Some of these are rather revolutionary ideas; many, however, are in fact older trends that – astonishingly – haven’t been widely adopted specifically within a corporate eLearning setting as of yet. Without further ado, we present to you:
1. Adaptive programs and further diversification of delivery options
eLearning is a great concept and over the years its effectiveness and uses have only grown. Admittedly, however, static eLearning – meaning how it was when the concept was first developed back in late 20th century – is not as effective for today’s audience.
eLearning just needs to be mobilized to the best of its capabilities, that’s all.
Adaptive eLearning programs offer so much more than static eLearning, as they accommodate specific users’ requirements, allowing them to progress through certain areas that they are evidently more familiar with, quicker than others.
Providing different options for eLearning delivery is also a way to make training suitable for each individual, and by combining this ‘freshening up’ of content with brand new features such as 3D Learning, you’re onto a winner.
We realize that more recent technological developments such as 3D Learning may not be adopted within corporate eLearning for some time, but adaptive programs are a no-brainer. The only real barrier is cost. The actual process will barely change, making this an appealing investment due to its likelihood to increase efficiency, effectiveness, and achievement of learning outcomes while causing minimal disruption to operations.
2. Collaborative and social (heard that before) – but actually implemented!
Although we’ve had the technology for a while, corporate eLearning, in particular, is an area where social and collaborative practices simply are not being adopted. Speaking from first-hand experience, eLearning remains relatively siloed and thus significantly less effective than it is capable of being in corporate environments.
Let’s succinctly explain this with a slightly nerdy metaphor: far too often, eLearning remains much like a neglected Intranet system when it has the potential to be a popular, active social network in a corporate setting.
Although collaborative and social aspects of eLearning such as group tasks, gamification (which we’ll cover later) performance leaderboards, forums, video conferencing etc. are nothing new, 2017 should finally be the year that these elements come into play in the corporate training world, big time.
3. Author diversity
This one is a personal hunch rather than data-backed or experienced-based like the rest of the trends in this post, but we do truly believe that – perhaps even only to a minor degree – author diversity will grow in 2017.
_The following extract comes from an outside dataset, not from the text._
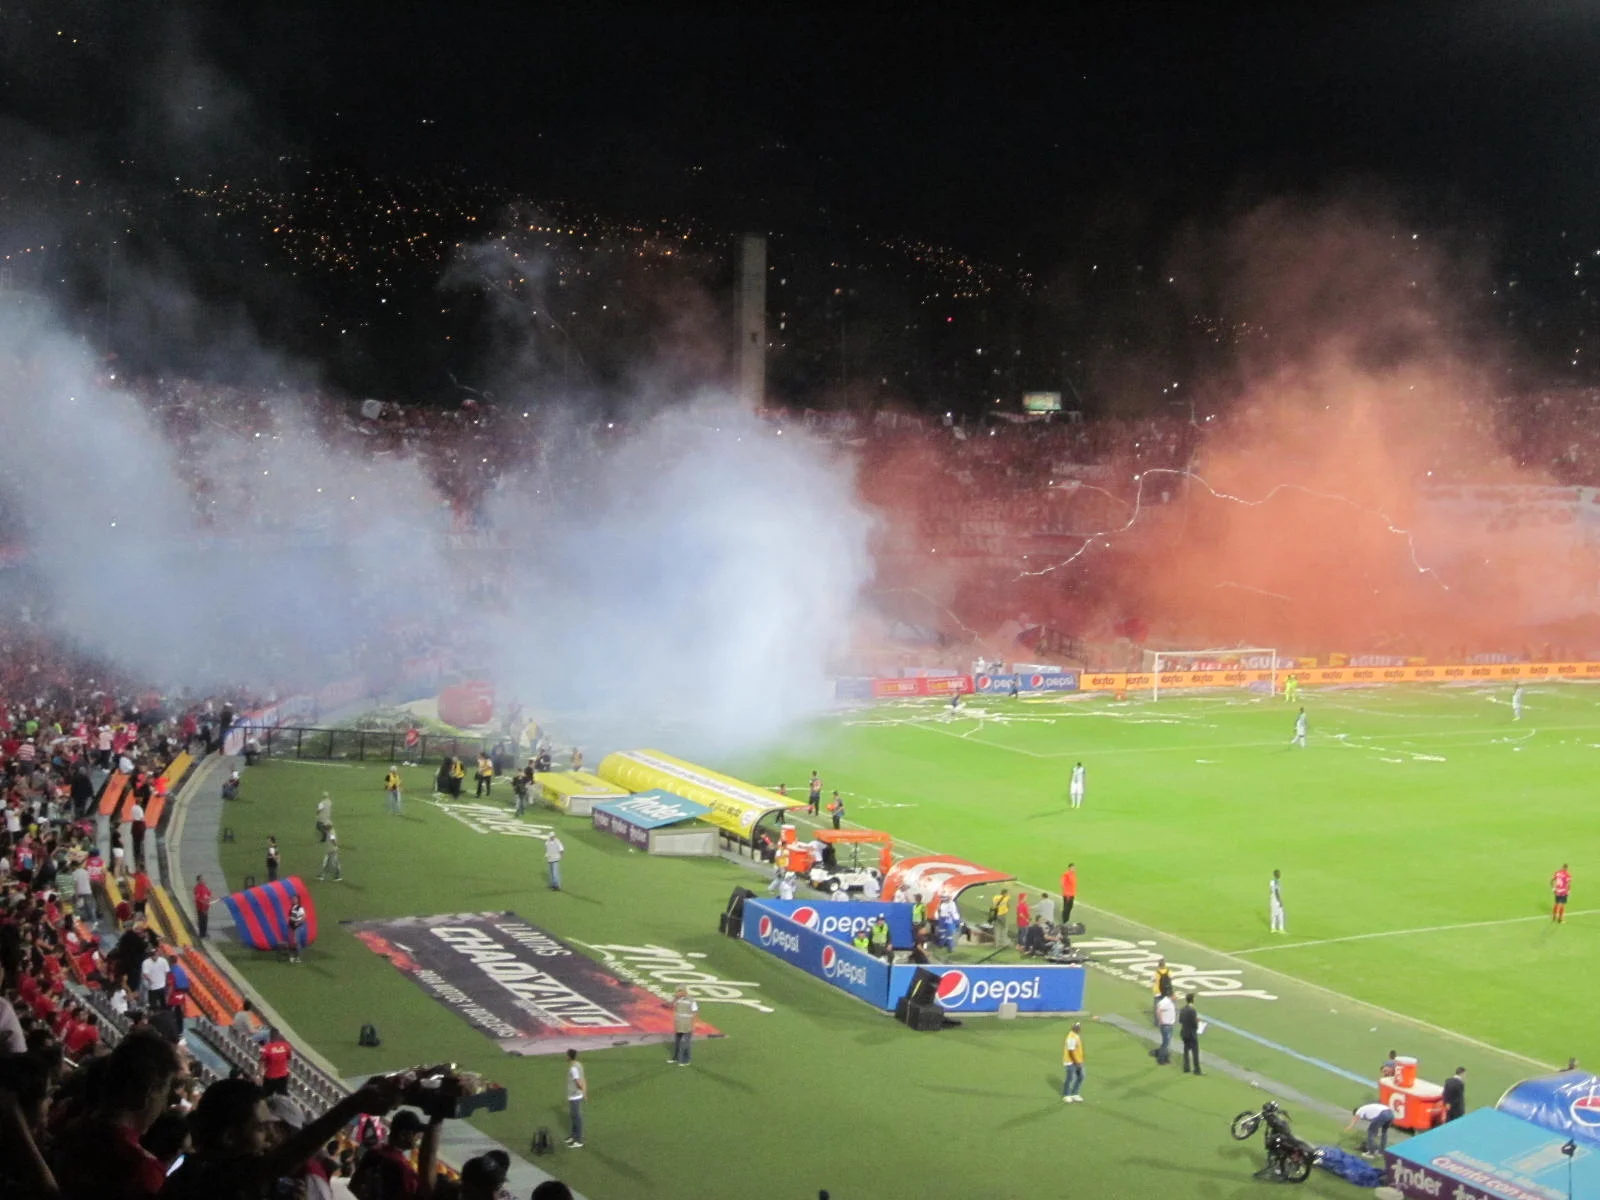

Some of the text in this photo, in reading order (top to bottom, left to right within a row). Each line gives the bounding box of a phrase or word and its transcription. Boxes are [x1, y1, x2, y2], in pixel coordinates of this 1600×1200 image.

With eLearning possessing the capability to be a company-wide training device for large multinational corporations, we as an industry must embrace and drive this.
Employing culturally diverse authors – many of whom who could work remotely – is a way of providing a more comprehensive eLearning platform on a global scale. That’s the kind of thing that appeals to the corporate giants of this world, so we expect to see it develop in the year to come.
4. Fully responsiveness across devices
Again, this is nothing new to us.
Being able to take an eLearning course on a desktop, laptop, tablet or other mobile device is commonplace, and so it should be. The problem is that a vast number of companies still believe that their employees only require their eLearning to be available on their desktop.
We wish we could report where they got that information from – but it’s quite possible that in 99% of cases if they spoke to their employees, the outcome would be completely different.
The issue is that if a work-from-home culture isn’t present, employers can’t imagine their employees wanting – or being able – to engage in eLearning anywhere other than their desk. The reality that we acknowledge, however, is that work-from-home or not, eLearning must be accessible across all devices.
For example, mLearning would allow employees to be more productive, handing them the opportunity to take time away from their desk and work in a different environment that is, most likely, less monotonous – and more mentally stimulating. There’s also the possibility of giving your employees the option – if they wish – to make the most of their commute or lunch break to complete their designated training.
Gamification has yet to gain real traction, despite predictions that by 2015, 40% of the world’s 1,000 biggest companies would utilize some form of gamification.
However, there are signs that these ambitious predictions may not be totally ridiculous in their estimations. WallMart – publically regarded as the largest organization globally by revenue – undertook an enormous scale (75,000 participants) gamification project in order to improve safety and efficiency.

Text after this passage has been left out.